Candida albicans CHT3 encodes the functional homolog of the Cts1 chitinase of Saccharomyces cerevisiae
- 作者:Alexander Dü ; nkler ; Andrea Walther ; Charles A. Specht and Jü ; rgen Wendland
- 关键词:Chitin ; Cell division ; Cytokinesis ; In vivo time lapse ; Morphogenesis ; Functional analysis
- 刊名:Fungal Genetics and Biology
- 出版年:2005
- 期刊代码:116_10871845
- 类别:abs
- 出版时间:2005
- 卷:42
- 期:11
- 页码:935-947
- 文件大小:652 K
摘要
Chitin synthesis and chitin degradation play an important role in cellular morphogenesis and influence the cell shape of fungal organisms.
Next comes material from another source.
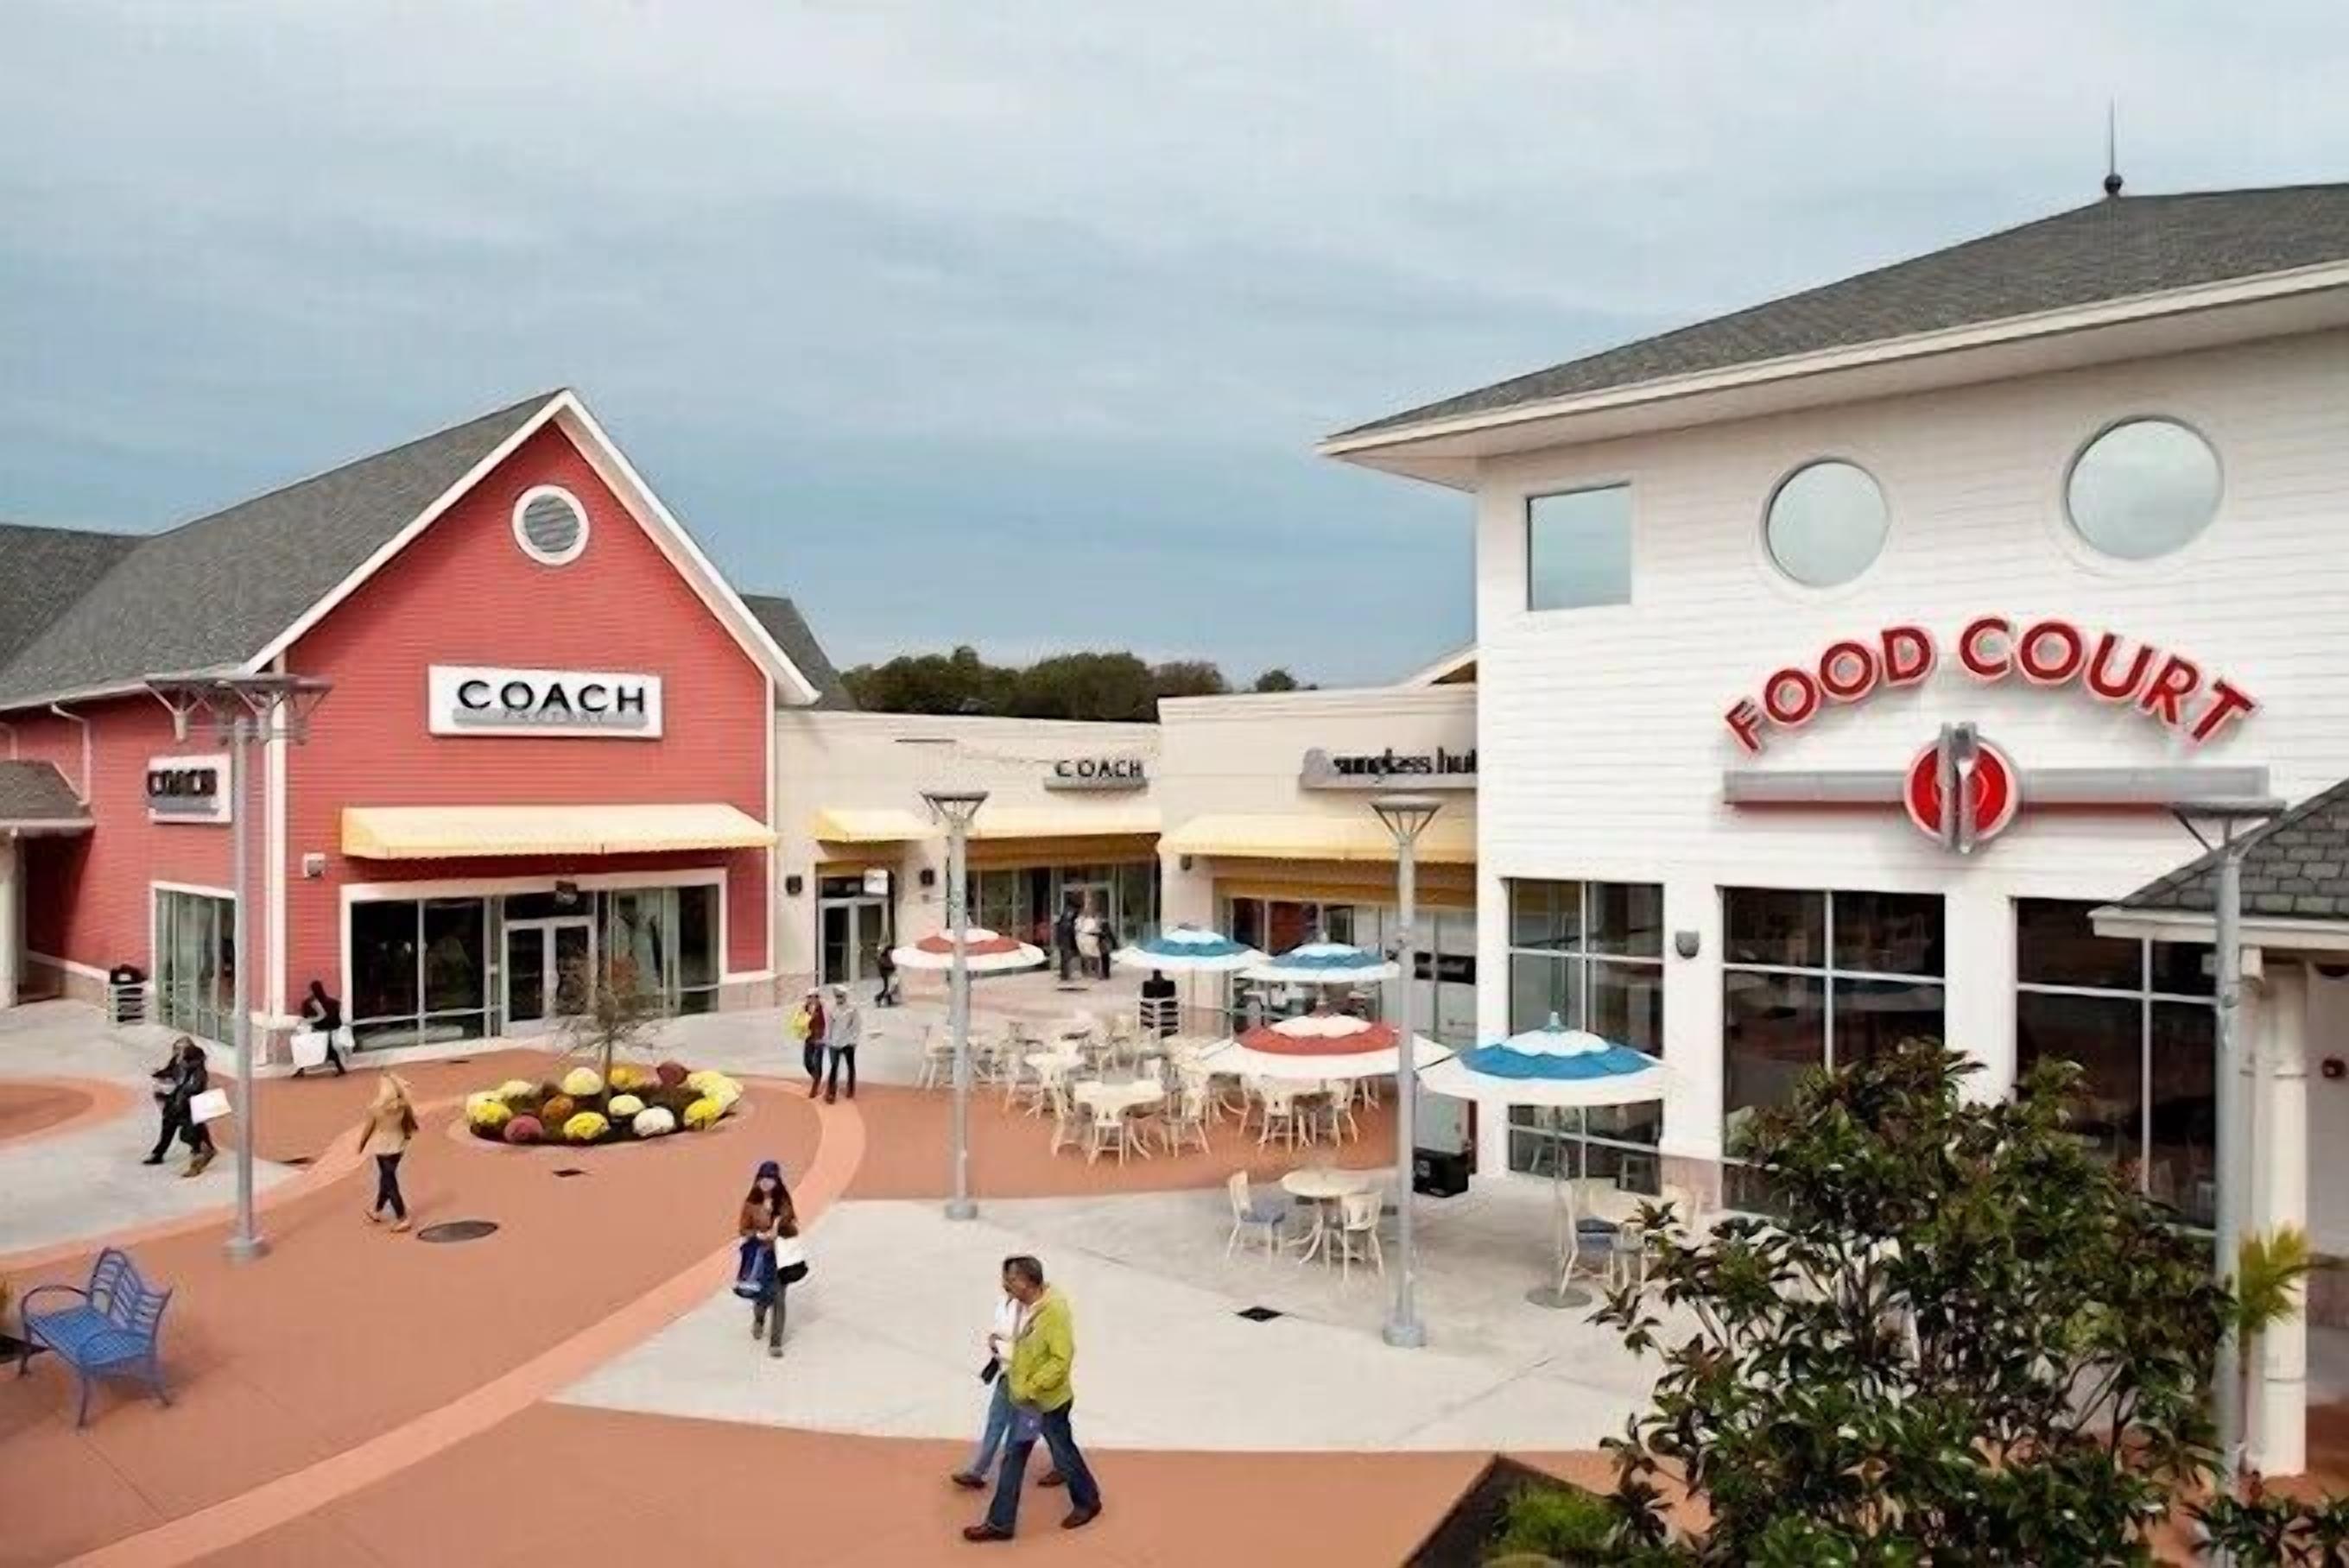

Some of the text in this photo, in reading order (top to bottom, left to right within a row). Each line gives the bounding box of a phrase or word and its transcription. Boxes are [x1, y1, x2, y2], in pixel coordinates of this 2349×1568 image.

The Candida albicans genome contains four chitinase genes, CHT1, CHT2, and CHT3, which are homologous to the Saccharomyces cerevisiae CTS1 gene and C. albicans CHT4, which is homologous to S. cerevisiae CTS2. To determine which of the C. albicans CHT genes represents the functional homolog of the S. cerevisiae CTS1 gene we constructed mutants of these genes and characterized the resulting phenotypes using morphological assays such as in vivo time lapse microscopy and enzymatic assays to determine the chitinase activity. Deletion of CaCHT1 and CaCHT2 provided no phenotypic alterations in liquid culture but resulted in increased hyphal growth on solid media. Deletion of CaCHT3 generated chains of unseparated cells in the yeast growth phase strongly resembling the cts1 deletion phenotype of S. cerevisiae cells. Expression of CHT3 under control of the regulatable MAL2-promoter in C. albicans resulted in the reversion of the cell separation defect when cells were grown in maltose. Cht3, but not Cht2 when expressed in S. cerevisiae was also able to reverse the cell separation defect of the S. cerevisiae c ts1 deletion strain. Measurements of chitinase activity from yeast cells of C. albicans showed that Cht2 is bound to cells, consistent with it being GPI-anchored while Cht3 is secreted into growth medium; Cht3 is also the principal, observed activity.